I've been doing laps trying to find a solution to this query and hoping the community can provide some inspiration.
I have a large data.table consisting of customer activity information represented as follows:
library(data.table)
library(dplyr)
DF = as.data.table(NULL)
cust_index = as.data.table(seq(1000,10000,3)) # list of unique customers
colnames(cust_index) = "cust_id"
# create a list of all customer activity - each cust_id represents an active event
for (cust in cust_index$cust_id){
each_cust = as.data.table(rep(cust, sample(1:17,1, replace=FALSE)))
DF = bind_rows(DF, each_cust)
}
rm(each_cust)
colnames(DF) = "cust_id"
setkey(DF, cust_id)
# add dummy data for activity
DF[, A:= sample(x = c(0,1), size = nrow(DF), replace = TRUE)]

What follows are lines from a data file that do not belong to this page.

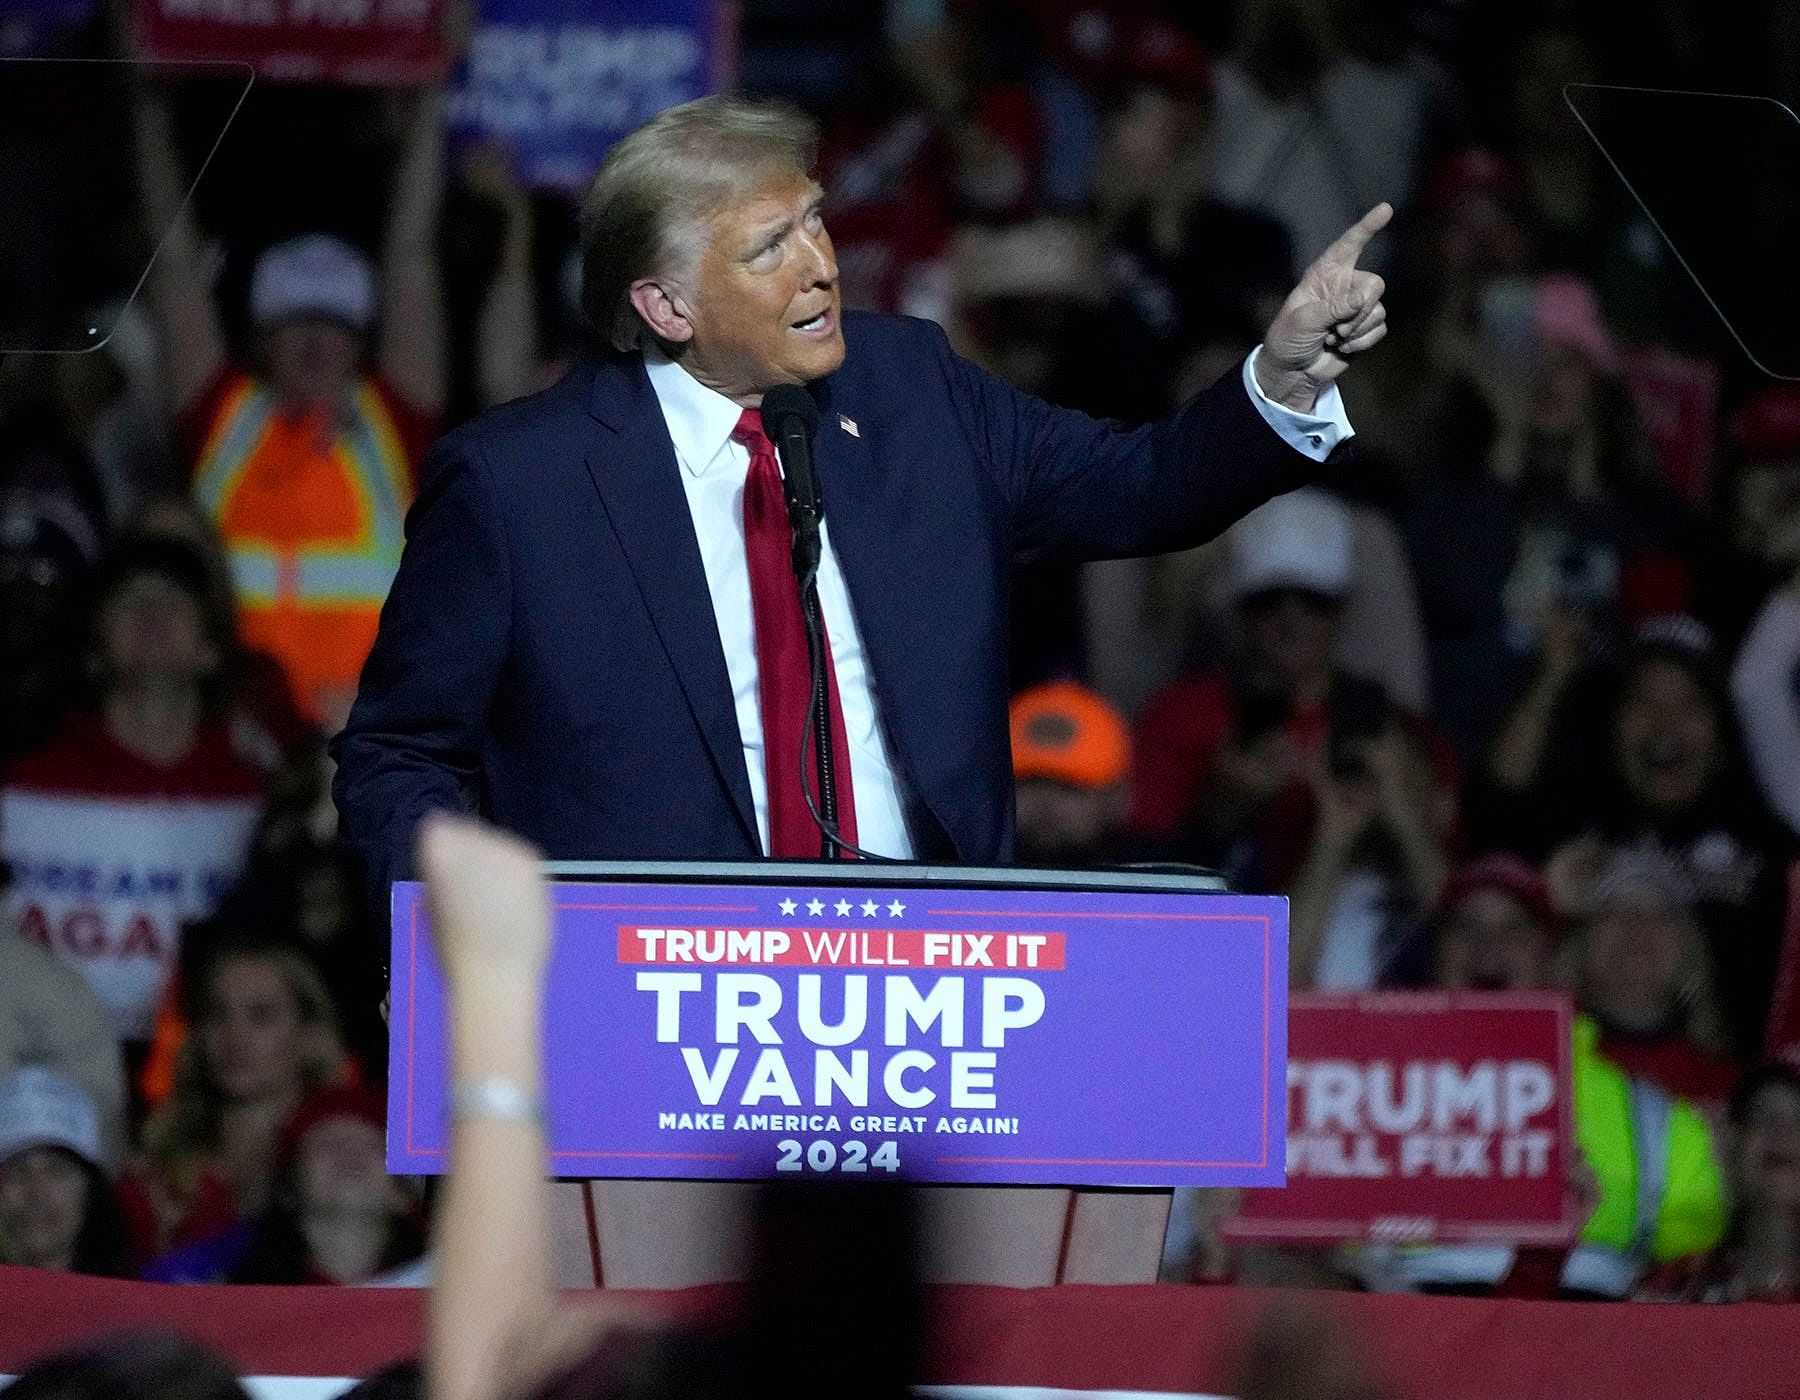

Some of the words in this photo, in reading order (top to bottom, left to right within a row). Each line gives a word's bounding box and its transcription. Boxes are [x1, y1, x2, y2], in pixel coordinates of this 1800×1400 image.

[637, 929, 791, 963] TRUMP
[802, 932, 909, 966] WILL
[924, 934, 993, 967] FIX
[1007, 935, 1046, 967] IT
[636, 972, 1046, 1048] TRUMP
[681, 1047, 997, 1109] VANCE
[658, 1112, 725, 1131] MAKE
[733, 1113, 841, 1132] AMERICA
[851, 1115, 927, 1133] GREAT
[935, 1116, 1019, 1135] AGAIN!
[776, 1139, 900, 1173] 2024
[1400, 1132, 1491, 1178] FIX
[1501, 1129, 1553, 1178] IT
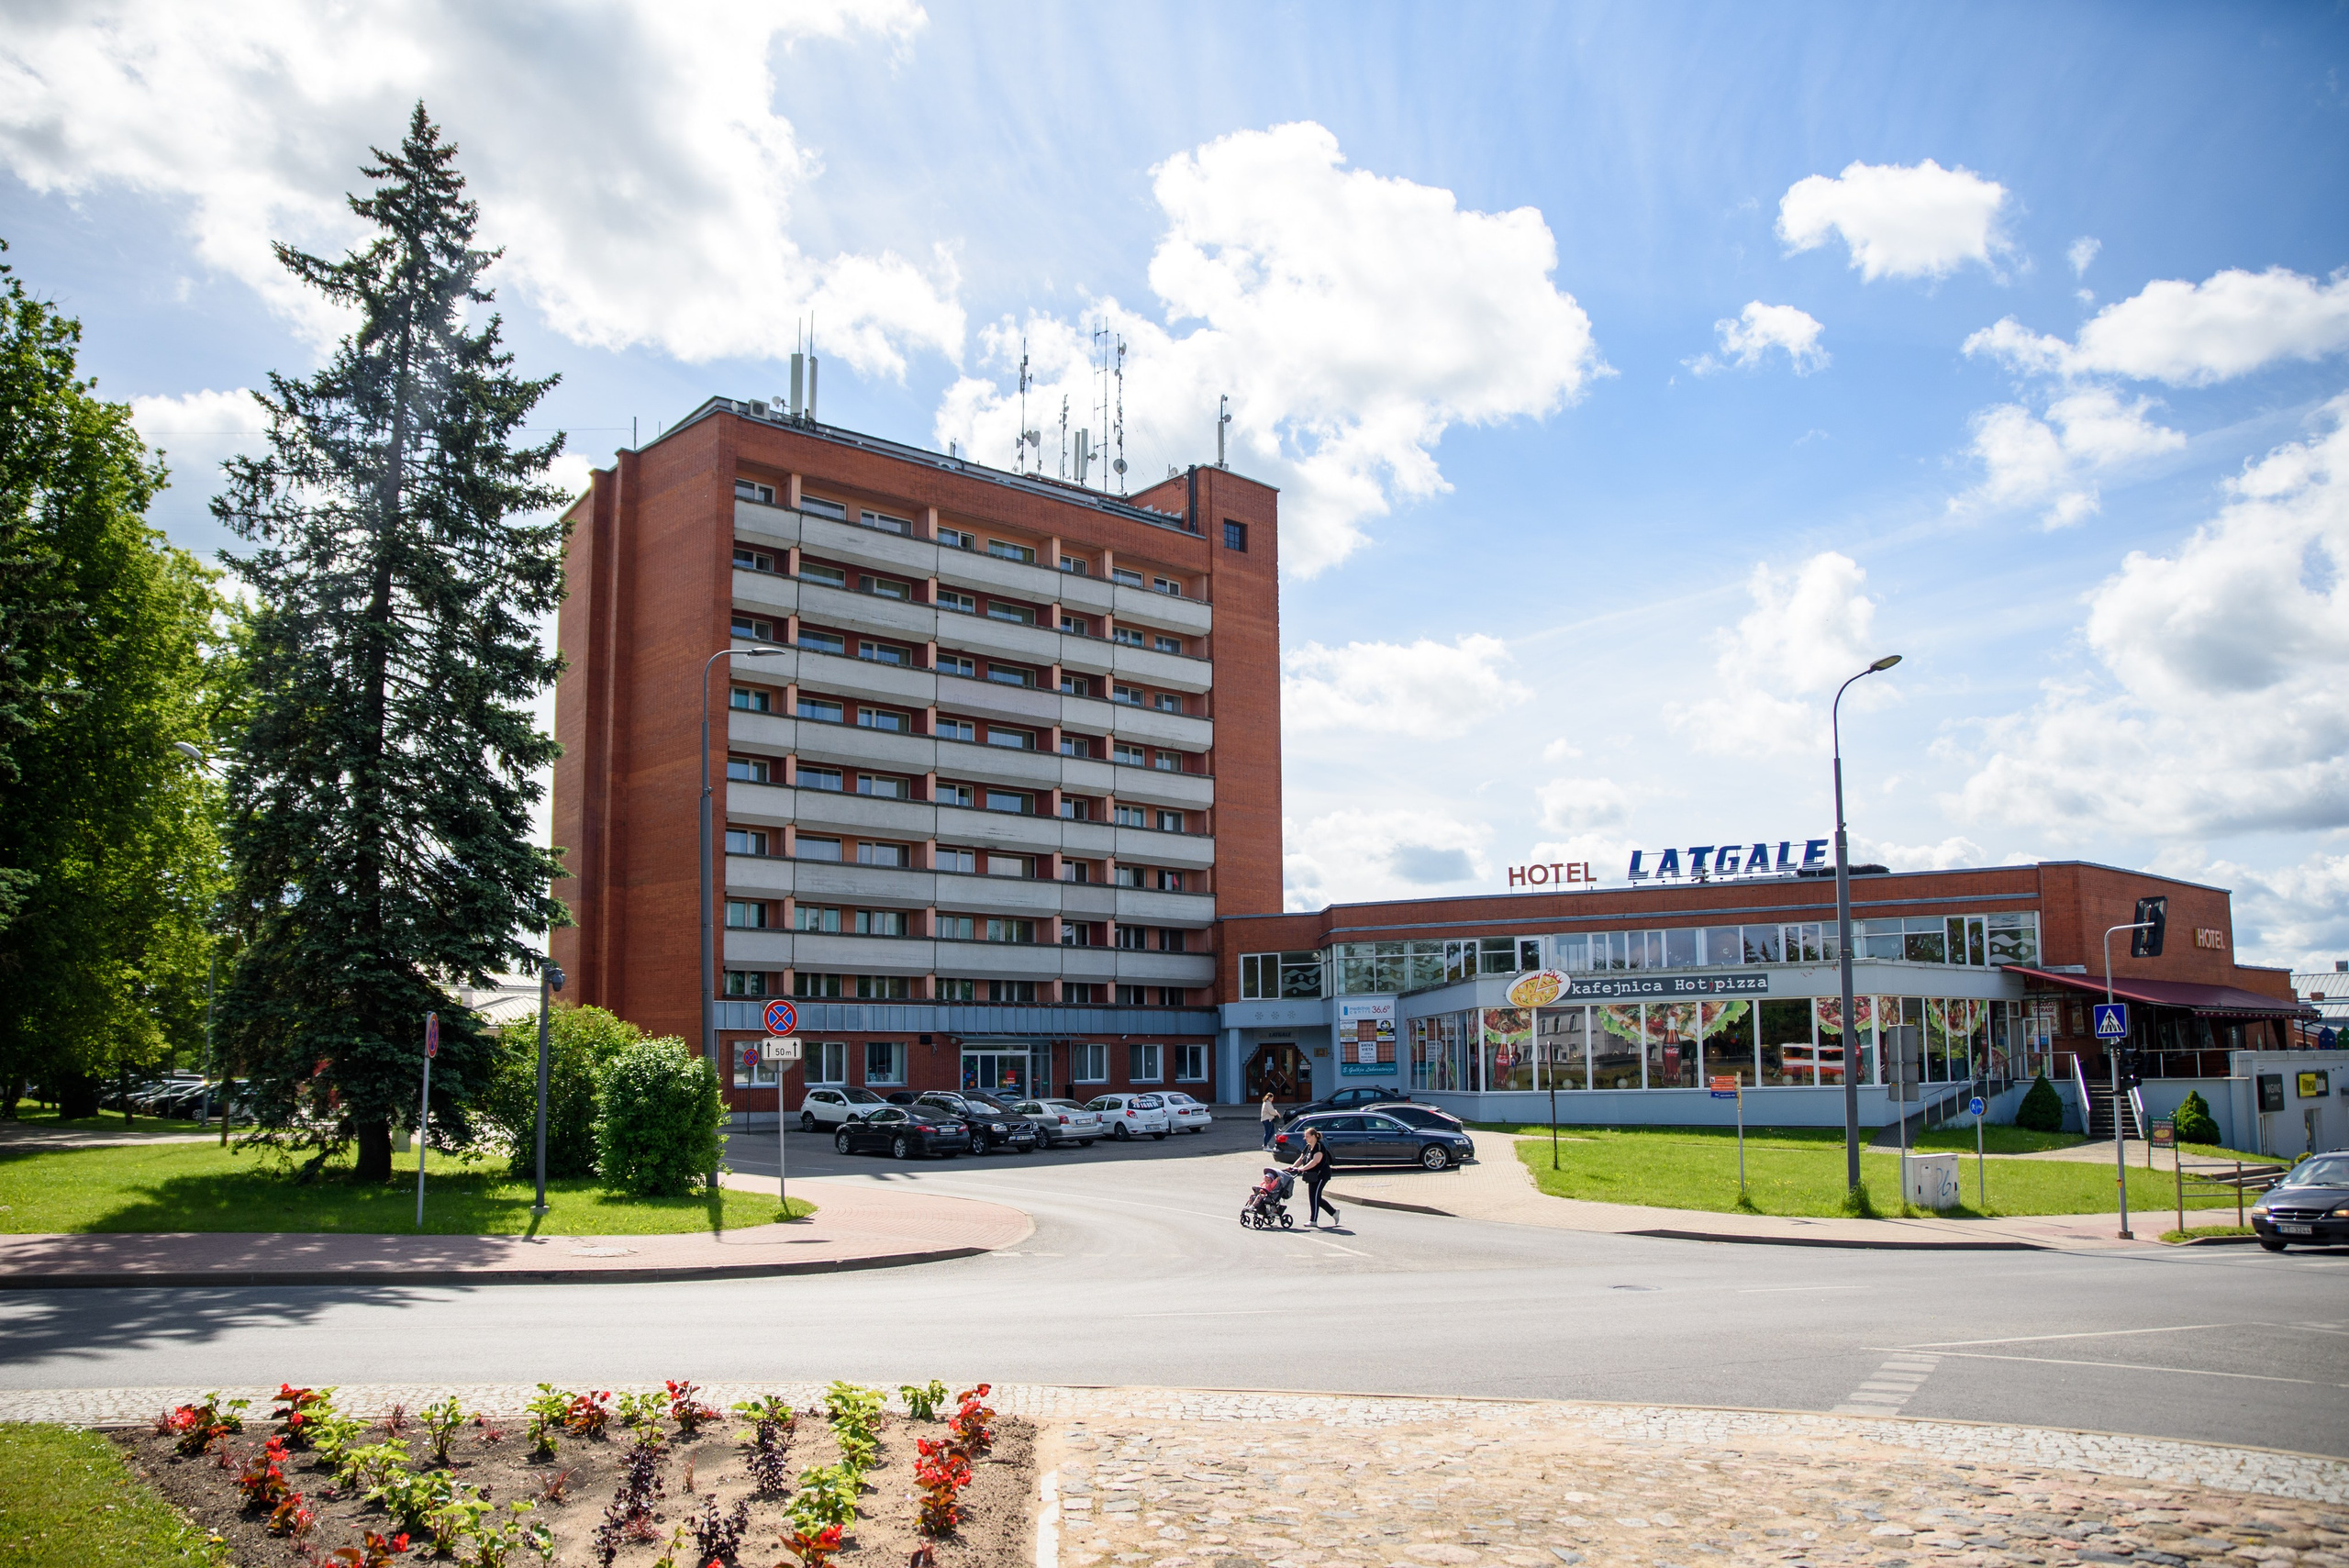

DF[, B:= sample(x = c(0,1), size = nrow(DF), replace = TRUE)]
DF[, C:= sample(x = c(0,1), size = nrow(DF), replace = TRUE)]
I want to sample a maximum of 4 customer observations from DF.
So far I have used a function which samples the observations relative to a single customer:
sample.cust = function(x){
if (nrow(x)<4) {
cust_sample = x
} else {
cust_sample = x[sample(1:4,replace=FALSE)]
}
return(cust_sample)
}
.. which is called from within a for loop.
for (cust in cust_index$cust_id){
cust.sample = train.data[.(cust), sample.cust(.SD)]
train.sample = bind_rows(train.sample, cust.sample)
}
.. however the above for loop never terminates.
I've tried all manner of := and set combinations to achieve this without success so far. Any suggestions would be much appreciated for what I imagine will be a rather trivial solution.
Many thanks, M.